New officer database helps provide law enforcement transparency

Public can search for officers by name to see status and history
New officer database helps provide law enforcement transparency
Posted at 5:00 AM, Feb 10, 2022

COLORADO SPRINGS — There have been several grass roots movements locally and nationwide calling for better police transparency and accountability. Our state has just launched a new website giving the public access to information about officers who have misused their badge and authority.

The Colorado Peace Officer Standards and Training Board manages this database that allows anyone to search for details about any officer in the entire state. The database shows you what officers have been decertified, convicted of a crime or were found to have lied while on the job.

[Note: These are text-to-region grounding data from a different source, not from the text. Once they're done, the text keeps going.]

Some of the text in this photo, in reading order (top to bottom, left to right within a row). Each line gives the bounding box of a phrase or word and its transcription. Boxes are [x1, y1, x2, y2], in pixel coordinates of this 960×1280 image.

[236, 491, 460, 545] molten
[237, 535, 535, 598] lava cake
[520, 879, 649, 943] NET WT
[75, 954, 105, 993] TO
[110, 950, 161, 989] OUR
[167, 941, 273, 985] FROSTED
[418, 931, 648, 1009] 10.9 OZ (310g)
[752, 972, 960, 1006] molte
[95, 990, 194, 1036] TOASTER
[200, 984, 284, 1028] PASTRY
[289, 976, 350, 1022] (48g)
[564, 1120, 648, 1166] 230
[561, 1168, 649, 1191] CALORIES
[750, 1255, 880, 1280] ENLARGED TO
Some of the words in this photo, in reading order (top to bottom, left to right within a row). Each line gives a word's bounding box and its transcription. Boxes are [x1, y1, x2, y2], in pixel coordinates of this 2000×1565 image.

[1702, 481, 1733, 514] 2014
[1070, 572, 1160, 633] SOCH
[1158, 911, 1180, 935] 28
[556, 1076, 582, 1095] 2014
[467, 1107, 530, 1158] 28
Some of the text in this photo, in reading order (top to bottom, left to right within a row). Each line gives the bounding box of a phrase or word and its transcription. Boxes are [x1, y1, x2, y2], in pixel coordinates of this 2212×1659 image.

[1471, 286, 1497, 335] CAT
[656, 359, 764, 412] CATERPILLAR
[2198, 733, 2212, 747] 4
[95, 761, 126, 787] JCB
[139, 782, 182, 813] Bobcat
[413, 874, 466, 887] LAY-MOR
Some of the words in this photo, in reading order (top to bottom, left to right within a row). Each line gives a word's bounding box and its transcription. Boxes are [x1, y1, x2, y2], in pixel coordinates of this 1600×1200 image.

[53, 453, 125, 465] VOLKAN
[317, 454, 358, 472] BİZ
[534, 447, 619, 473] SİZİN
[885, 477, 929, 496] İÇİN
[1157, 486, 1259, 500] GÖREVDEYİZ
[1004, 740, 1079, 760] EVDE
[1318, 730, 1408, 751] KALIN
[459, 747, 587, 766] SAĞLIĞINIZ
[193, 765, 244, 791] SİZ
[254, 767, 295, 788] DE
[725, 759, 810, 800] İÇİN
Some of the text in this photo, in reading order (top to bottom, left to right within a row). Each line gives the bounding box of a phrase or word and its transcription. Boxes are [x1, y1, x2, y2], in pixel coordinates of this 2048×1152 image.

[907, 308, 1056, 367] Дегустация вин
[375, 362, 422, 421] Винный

"When law enforcement officers do things that are wrong, they could commit crimes and they get decertified we put them on a publicly available database. Anyone can search it," said POST Board Chair and Colorado Attorney General Phil Weiser. "When other officers are fired for cause, for having done something that's wrong, they are also on this list so they don't get hired unwittingly again."

Colorado lawmakers passed legislation in 2020 and 2021 creating this database at coloradopost.govmaking every officer’s state certification, compliance with training requirements and employment status accessible to the public.

Weiser says it's part of a transparency shift in our state.

"Colorado has passed legislation not just to build this transparent database, but to provide body cams in all cases so we know what's happening. Then, when an officer is accused it's not a matter of believe me or don't believe me, it's let's look. Sunlight is the best of disinfectants," said Weiser.

It's important to point out that not all policy violations lead to a decertification, but the database does include 8 different items an officer could be flagged for on their profile.

"What I've heard again and again from so many dedicated police officers is nobody hates a bad cop more than a good cop. Those bad cops out there who are dishonoring the profession, they are dishonoring everybody who is risking their lives," said Weiser.

By law, officers are allowed to request a review of their database entries and have information removed if they present new evidence through a request process.

"They get notice. They have a right to be heard. We have a process to consider all these decertification actions and officers can come forward and tell their side of the story," said Weiser.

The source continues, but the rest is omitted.